• _Work to be completed_: Reproduce the records below exactly as they appear, omitting any pictures they contain.

**** Listed records

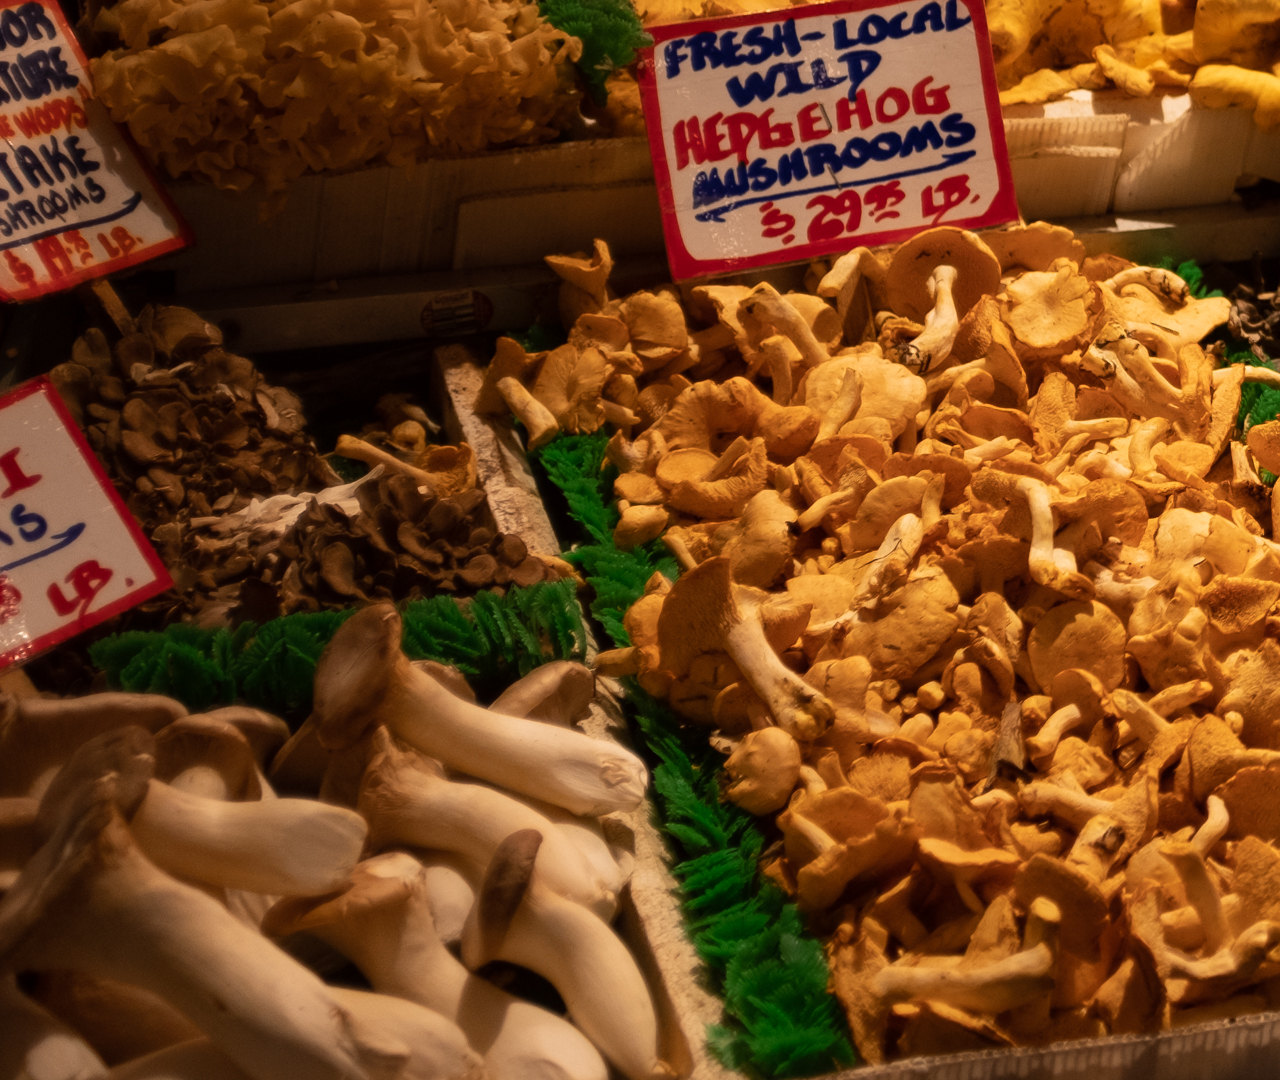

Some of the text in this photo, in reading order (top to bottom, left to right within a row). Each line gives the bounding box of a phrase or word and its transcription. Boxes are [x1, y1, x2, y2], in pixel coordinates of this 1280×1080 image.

[672, 75, 951, 171] HEDGEHOG
[725, 49, 882, 108] WILD
[692, 112, 977, 210] MUSHROOMS
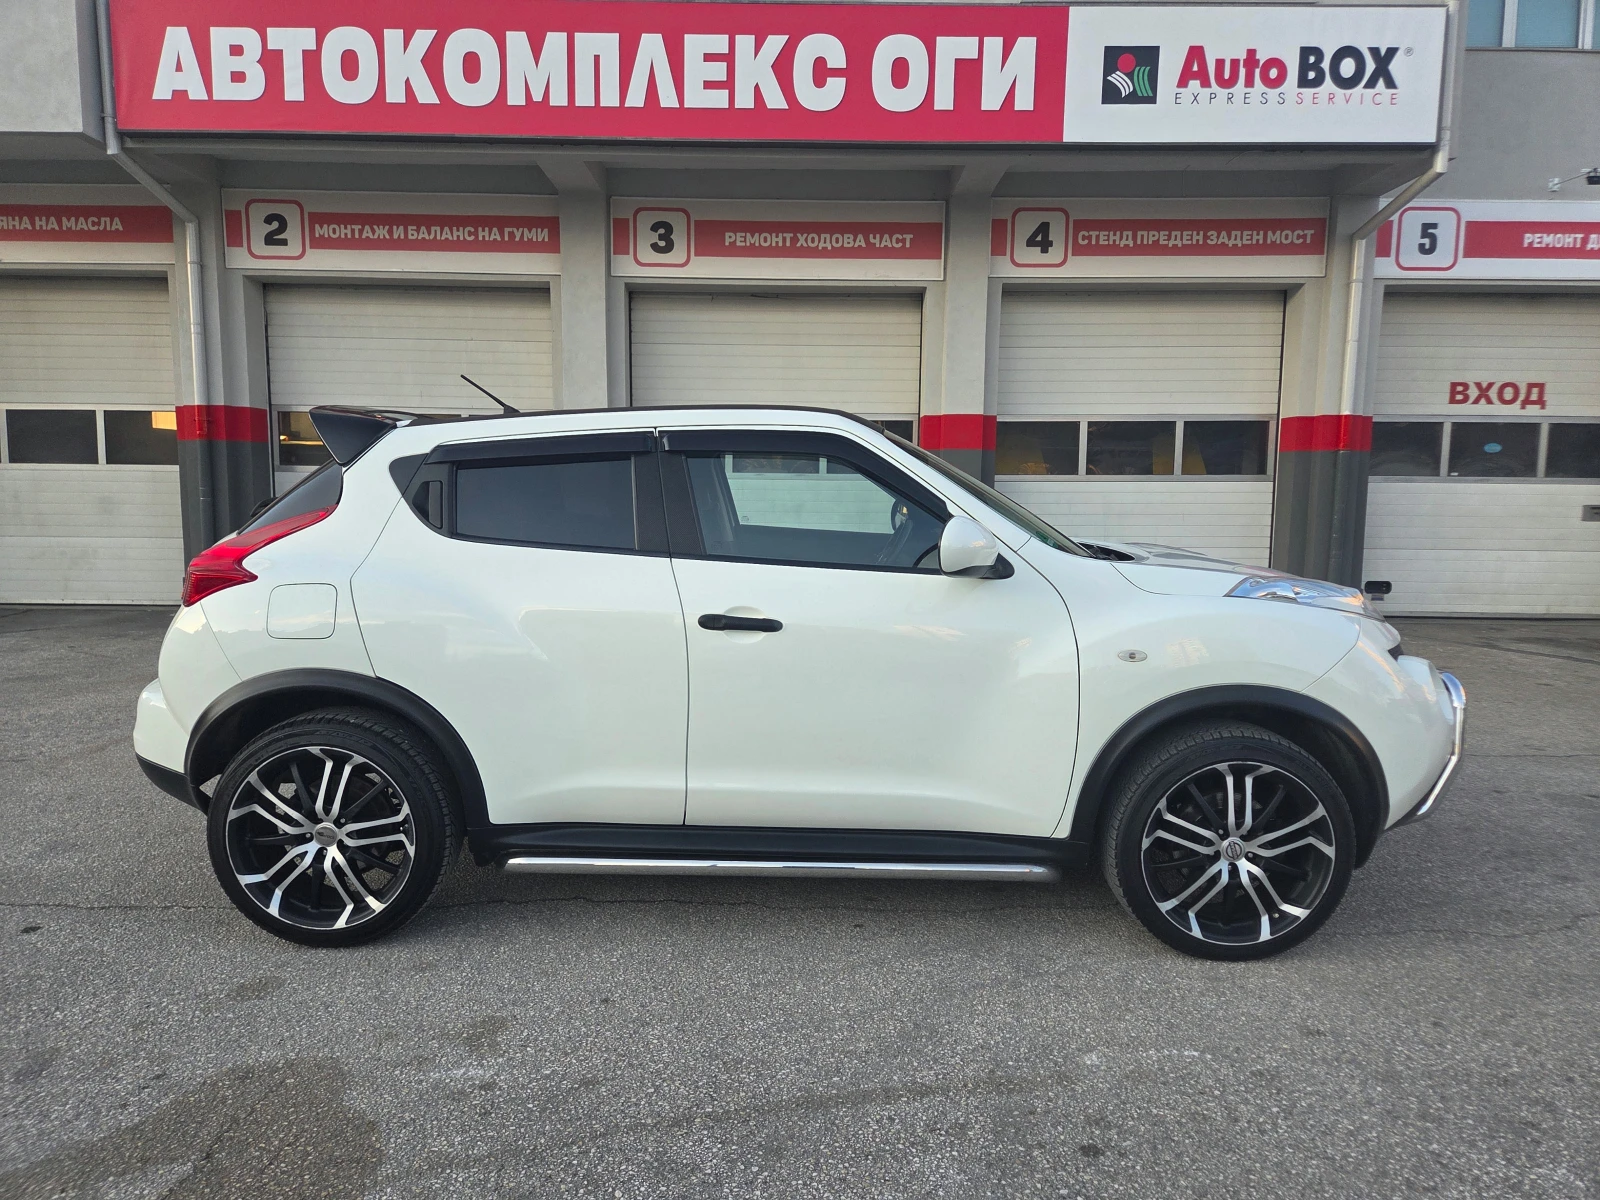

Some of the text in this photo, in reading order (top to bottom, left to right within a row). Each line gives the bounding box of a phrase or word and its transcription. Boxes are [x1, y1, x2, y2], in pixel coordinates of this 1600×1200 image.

[152, 26, 1037, 112] АВТОКОМПЛЕКС ОГИ
[1176, 45, 1400, 90] Auto BOX
[1174, 92, 1398, 106] EXPRESS SERVICE
[35, 216, 59, 231] НА
[61, 216, 123, 231] МАСЛА
[263, 212, 288, 246] 2
[314, 223, 549, 242] МОНТАЖ И БАЛАНС НА ГУМИ
[649, 220, 675, 254] 3
[1025, 221, 1053, 254] 4
[1077, 229, 1315, 247] СТЕНД ПРЕДЕН ЗАДЕН МОСТ
[724, 232, 913, 250] РЕМОНТ ХОДОВА ЧАСТ
[1418, 222, 1439, 255] 5
[1523, 233, 1584, 248] РЕМОНТ
[1447, 381, 1547, 410] ВХОД

********

• _Written response_:
Some of the text in this photo, in reading order (top to bottom, left to right within a row). Each line gives the bounding box of a phrase or word and its transcription. Boxes are [x1, y1, x2, y2], in pixel coordinates of this 1280×1080 image.

[672, 75, 951, 171] HEDGEHOG
[725, 49, 882, 108] WILD
[692, 112, 977, 210] MUSHROOMS

Some of the text in this photo, in reading order (top to bottom, left to right within a row). Each line gives the bounding box of a phrase or word and its transcription. Boxes are [x1, y1, x2, y2], in pixel coordinates of this 1600×1200 image.

[152, 26, 1037, 112] АВТОКОМПЛЕКС ОГИ
[1176, 45, 1400, 90] Auto BOX
[1174, 92, 1398, 106] EXPRESS SERVICE
[35, 216, 59, 231] НА
[61, 216, 123, 231] МАСЛА
[263, 212, 288, 246] 2
[314, 223, 549, 242] МОНТАЖ И БАЛАНС НА ГУМИ
[649, 220, 675, 254] 3
[1025, 221, 1053, 254] 4
[1077, 229, 1315, 247] СТЕНД ПРЕДЕН ЗАДЕН МОСТ
[724, 232, 913, 250] РЕМОНТ ХОДОВА ЧАСТ
[1418, 222, 1439, 255] 5
[1523, 233, 1584, 248] РЕМОНТ
[1447, 381, 1547, 410] ВХОД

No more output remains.